■ **Your assignment**:
Give back all the data exactly, line by line.

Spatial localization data
================================

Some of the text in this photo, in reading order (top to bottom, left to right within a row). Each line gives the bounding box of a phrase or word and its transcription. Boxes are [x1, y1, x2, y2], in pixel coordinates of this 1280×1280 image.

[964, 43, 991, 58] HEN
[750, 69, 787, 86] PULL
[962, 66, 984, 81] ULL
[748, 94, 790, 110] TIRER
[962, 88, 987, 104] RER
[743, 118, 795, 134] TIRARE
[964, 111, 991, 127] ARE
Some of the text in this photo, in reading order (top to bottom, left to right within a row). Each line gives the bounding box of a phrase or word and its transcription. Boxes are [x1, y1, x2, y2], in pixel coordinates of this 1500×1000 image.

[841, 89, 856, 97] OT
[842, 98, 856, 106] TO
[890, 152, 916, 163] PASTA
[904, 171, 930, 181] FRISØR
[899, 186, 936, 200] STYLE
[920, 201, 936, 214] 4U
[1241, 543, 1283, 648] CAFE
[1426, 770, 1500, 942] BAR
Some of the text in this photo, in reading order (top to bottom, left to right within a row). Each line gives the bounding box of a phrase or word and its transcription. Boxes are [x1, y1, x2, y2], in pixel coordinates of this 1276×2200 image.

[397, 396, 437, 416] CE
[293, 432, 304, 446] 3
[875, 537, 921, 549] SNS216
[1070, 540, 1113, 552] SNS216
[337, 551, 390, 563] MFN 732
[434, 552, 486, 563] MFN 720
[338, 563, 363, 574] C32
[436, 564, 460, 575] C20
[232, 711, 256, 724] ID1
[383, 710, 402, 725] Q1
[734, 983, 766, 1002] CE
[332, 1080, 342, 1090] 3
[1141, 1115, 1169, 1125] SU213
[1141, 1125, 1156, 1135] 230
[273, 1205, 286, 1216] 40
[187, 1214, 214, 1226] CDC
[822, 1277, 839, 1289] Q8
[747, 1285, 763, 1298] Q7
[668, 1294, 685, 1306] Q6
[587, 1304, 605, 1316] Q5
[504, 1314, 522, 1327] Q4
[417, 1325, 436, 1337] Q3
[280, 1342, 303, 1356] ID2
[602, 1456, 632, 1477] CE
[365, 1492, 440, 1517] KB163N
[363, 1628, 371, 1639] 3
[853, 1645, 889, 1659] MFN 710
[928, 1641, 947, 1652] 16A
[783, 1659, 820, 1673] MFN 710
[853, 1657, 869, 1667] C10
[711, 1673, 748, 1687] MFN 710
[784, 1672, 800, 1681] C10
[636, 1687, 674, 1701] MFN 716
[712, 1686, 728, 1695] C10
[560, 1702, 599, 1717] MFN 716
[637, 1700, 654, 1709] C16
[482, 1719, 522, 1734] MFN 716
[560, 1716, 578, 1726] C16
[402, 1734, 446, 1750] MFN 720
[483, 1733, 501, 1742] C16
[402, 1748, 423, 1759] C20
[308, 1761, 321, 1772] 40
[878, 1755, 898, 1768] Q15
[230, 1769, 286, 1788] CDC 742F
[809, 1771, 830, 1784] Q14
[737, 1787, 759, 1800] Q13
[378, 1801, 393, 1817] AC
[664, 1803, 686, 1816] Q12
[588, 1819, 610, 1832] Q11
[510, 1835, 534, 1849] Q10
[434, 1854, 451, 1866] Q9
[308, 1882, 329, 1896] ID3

================================

■ **Reply to the task**:
Some of the text in this photo, in reading order (top to bottom, left to right within a row). Each line gives the bounding box of a phrase or word and its transcription. Boxes are [x1, y1, x2, y2], in pixel coordinates of this 1280×1280 image.

[964, 43, 991, 58] HEN
[750, 69, 787, 86] PULL
[962, 66, 984, 81] ULL
[748, 94, 790, 110] TIRER
[962, 88, 987, 104] RER
[743, 118, 795, 134] TIRARE
[964, 111, 991, 127] ARE
Some of the text in this photo, in reading order (top to bottom, left to right within a row). Each line gives the bounding box of a phrase or word and its transcription. Boxes are [x1, y1, x2, y2], in pixel coordinates of this 1500×1000 image.

[841, 89, 856, 97] OT
[842, 98, 856, 106] TO
[890, 152, 916, 163] PASTA
[904, 171, 930, 181] FRISØR
[899, 186, 936, 200] STYLE
[920, 201, 936, 214] 4U
[1241, 543, 1283, 648] CAFE
[1426, 770, 1500, 942] BAR
Some of the text in this photo, in reading order (top to bottom, left to right within a row). Each line gives the bounding box of a phrase or word and its transcription. Boxes are [x1, y1, x2, y2], in pixel coordinates of this 1276×2200 image.

[397, 396, 437, 416] CE
[293, 432, 304, 446] 3
[875, 537, 921, 549] SNS216
[1070, 540, 1113, 552] SNS216
[337, 551, 390, 563] MFN 732
[434, 552, 486, 563] MFN 720
[338, 563, 363, 574] C32
[436, 564, 460, 575] C20
[232, 711, 256, 724] ID1
[383, 710, 402, 725] Q1
[734, 983, 766, 1002] CE
[332, 1080, 342, 1090] 3
[1141, 1115, 1169, 1125] SU213
[1141, 1125, 1156, 1135] 230
[273, 1205, 286, 1216] 40
[187, 1214, 214, 1226] CDC
[822, 1277, 839, 1289] Q8
[747, 1285, 763, 1298] Q7
[668, 1294, 685, 1306] Q6
[587, 1304, 605, 1316] Q5
[504, 1314, 522, 1327] Q4
[417, 1325, 436, 1337] Q3
[280, 1342, 303, 1356] ID2
[602, 1456, 632, 1477] CE
[365, 1492, 440, 1517] KB163N
[363, 1628, 371, 1639] 3
[853, 1645, 889, 1659] MFN 710
[928, 1641, 947, 1652] 16A
[783, 1659, 820, 1673] MFN 710
[853, 1657, 869, 1667] C10
[711, 1673, 748, 1687] MFN 710
[784, 1672, 800, 1681] C10
[636, 1687, 674, 1701] MFN 716
[712, 1686, 728, 1695] C10
[560, 1702, 599, 1717] MFN 716
[637, 1700, 654, 1709] C16
[482, 1719, 522, 1734] MFN 716
[560, 1716, 578, 1726] C16
[402, 1734, 446, 1750] MFN 720
[483, 1733, 501, 1742] C16
[402, 1748, 423, 1759] C20
[308, 1761, 321, 1772] 40
[878, 1755, 898, 1768] Q15
[230, 1769, 286, 1788] CDC 742F
[809, 1771, 830, 1784] Q14
[737, 1787, 759, 1800] Q13
[378, 1801, 393, 1817] AC
[664, 1803, 686, 1816] Q12
[588, 1819, 610, 1832] Q11
[510, 1835, 534, 1849] Q10
[434, 1854, 451, 1866] Q9
[308, 1882, 329, 1896] ID3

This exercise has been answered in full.